Thank you for you help, and using WHAM.

--Zev

zeeev commented 8 years ago

@nvolkova any update on this issue?

nvolkova commented 8 years ago

@zeeev sorry for a delay. As you suggested, I have realigned the reads with BWA MEM, sorted and indexed, yet I am still getting buffer overflow: WHAM-GRAPHENING -a ref.fa -f sort.test.bam -g test.graph.txt > test.wham.vcf

... INFO: Trying to merge deletion breakpoints: 6 INFO: joining deletion breakpoints: 15747937 16357705 INFO: Gathering alleles. INFO: generated 100 alleles / 214 INFO: generated 200 alleles / 214 INFO: Refined and genotyped 0/214 breakpoints * buffer overflow detected *: WHAM-GRAPHENING terminated ======= Backtrace: ========= /lib64/libc.so.6(__fortify_fail+0x37)[0x37ecd02567] /lib64/libc.so.6[0x37ecd00450] WHAM-GRAPHENING[0x41ba7d] WHAM-GRAPHENING[0x42670a] WHAM-GRAPHENING[0x4052a0] /lib64/libc.so.6(__libc_start_main+0xfd)[0x37ecc1ed5d] WHAM-GRAPHENING[0x408c61] ======= Memory map: ======== ... 7fff60025000-7fff6003b000 rw-p 00000000 00:00 0 [stack] 7fff6008c000-7fff6008d000 r-xp 00000000 00:00 0 [vdso] ffffffffff600000-ffffffffff601000 r-xp 00000000 00:00 0 [vsyscall] Aborted (core dumped)

Although now it works quite well when run without genotyping!

zeeev commented 8 years ago

Shoot. I've been working on recapitulating the error. Can you try this:

Run it without genotyping -k. Then use that file and genotype using -b? If that doesn't fail it will help me find the bug.

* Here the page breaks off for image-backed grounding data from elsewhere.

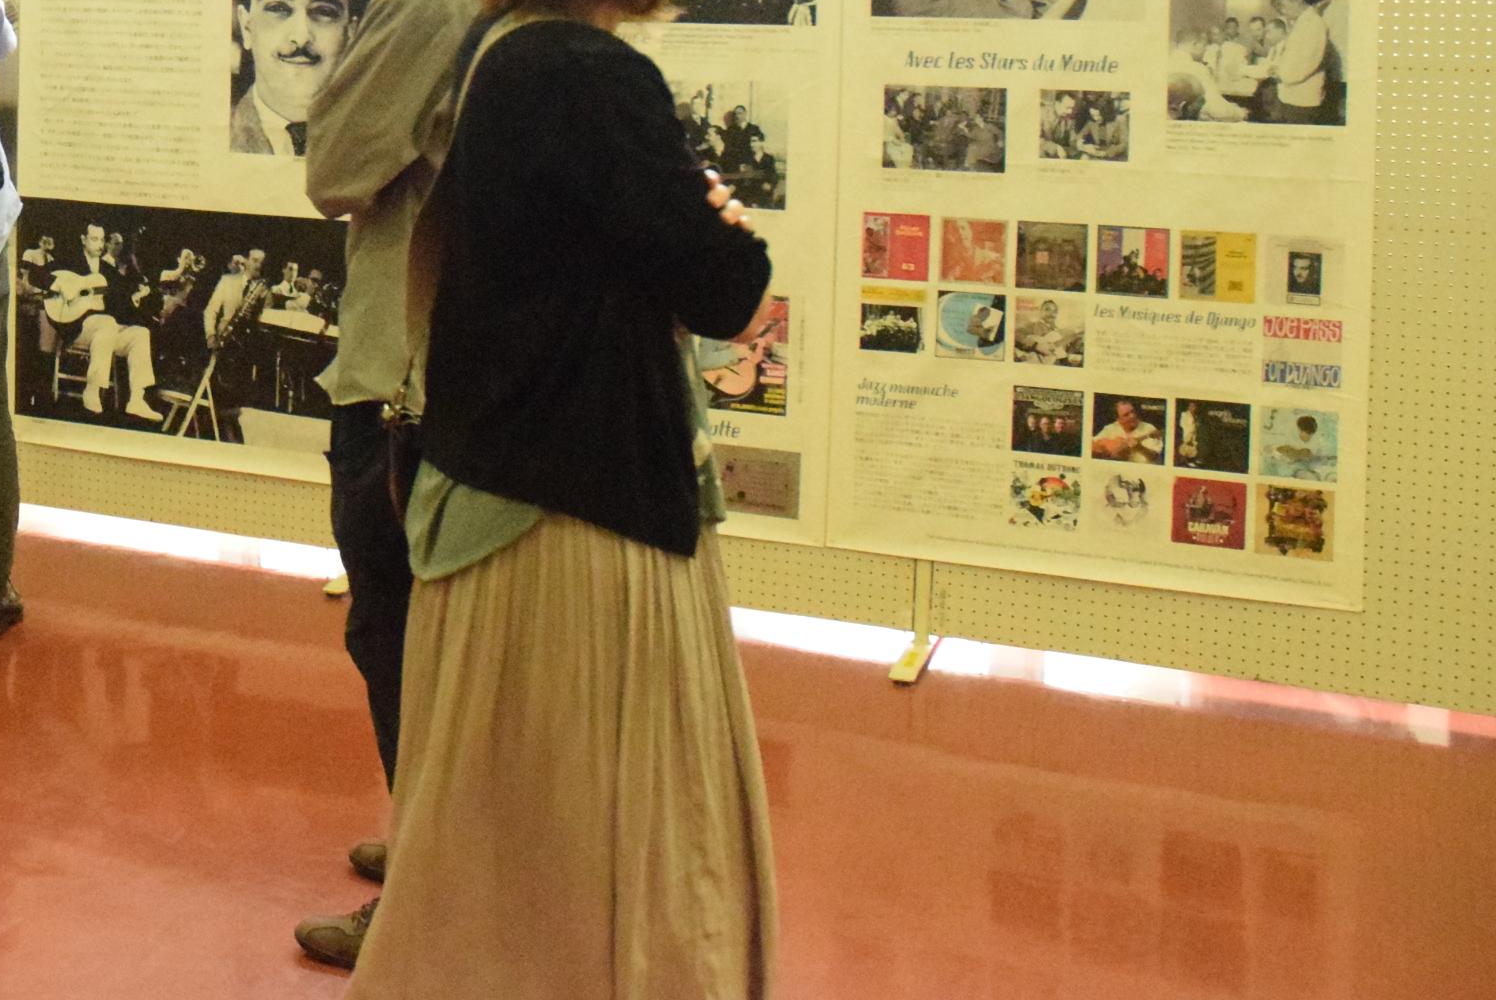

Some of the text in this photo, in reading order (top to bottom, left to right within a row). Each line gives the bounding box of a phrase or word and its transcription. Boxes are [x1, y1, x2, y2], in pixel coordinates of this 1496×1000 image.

[905, 50, 942, 69] Avec
[979, 51, 1028, 71] Stars
[1032, 53, 1054, 71] du
[1059, 54, 1120, 74] Monde
[1119, 306, 1183, 326] Musiques
[1185, 310, 1204, 326] de
[1205, 311, 1257, 331] Django
[1299, 318, 1341, 343] PASS
[857, 377, 887, 396] Jazz
[1286, 363, 1342, 388] DJANGO
[855, 393, 917, 410] moderne

nvolkova commented 8 years ago

It is still failing: WHAM-GRAPHENING -k -a ref.fa -f sort.test.bam -g test.graph.txt > test.wham.vcf WHAM-GRAPHENING -b test.wham.vcf -a ref.fa -f sort.test.bam -g test.graph.txt > test.2.wham.vcf

... INFO: loading external SV calls INFO: Gathering alleles. INFO: generated 100 alleles / 212 INFO: generated 200 alleles / 212 INFO: Refined and genotyped 0/212 breakpoints * buffer overflow detected *: WHAM-GRAPHENING terminated

Backtrace and memory map seem to be exactly the same.

zeeev commented 8 years ago

Can you send me that VCF.

zeeev commented 8 years ago

In the Makefile can you add -fstack-protector-all to the CFLAGS?

It will look like:

CFLAGS= -Wall -fstack-protector-all -DVERSION=\"$(GIT_VERSION)\" -DFAST -std=c++0x

Re-make and try again? I really appreciate your help. I'm still not able to generate the error.

nvolkova commented 8 years ago

@zeeev I added the flag - but nothing changed. Do you think it may have something to do with the cluster where I'm trying to run it? Wrong libraries or specification?

zeeev commented 8 years ago

I've merged the development branch into the master. I've disabled genotyping until I finish the new genotyping algorithm. Thanks for your help. The new version of the caller shouldn't give you any trouble, but no genotypes.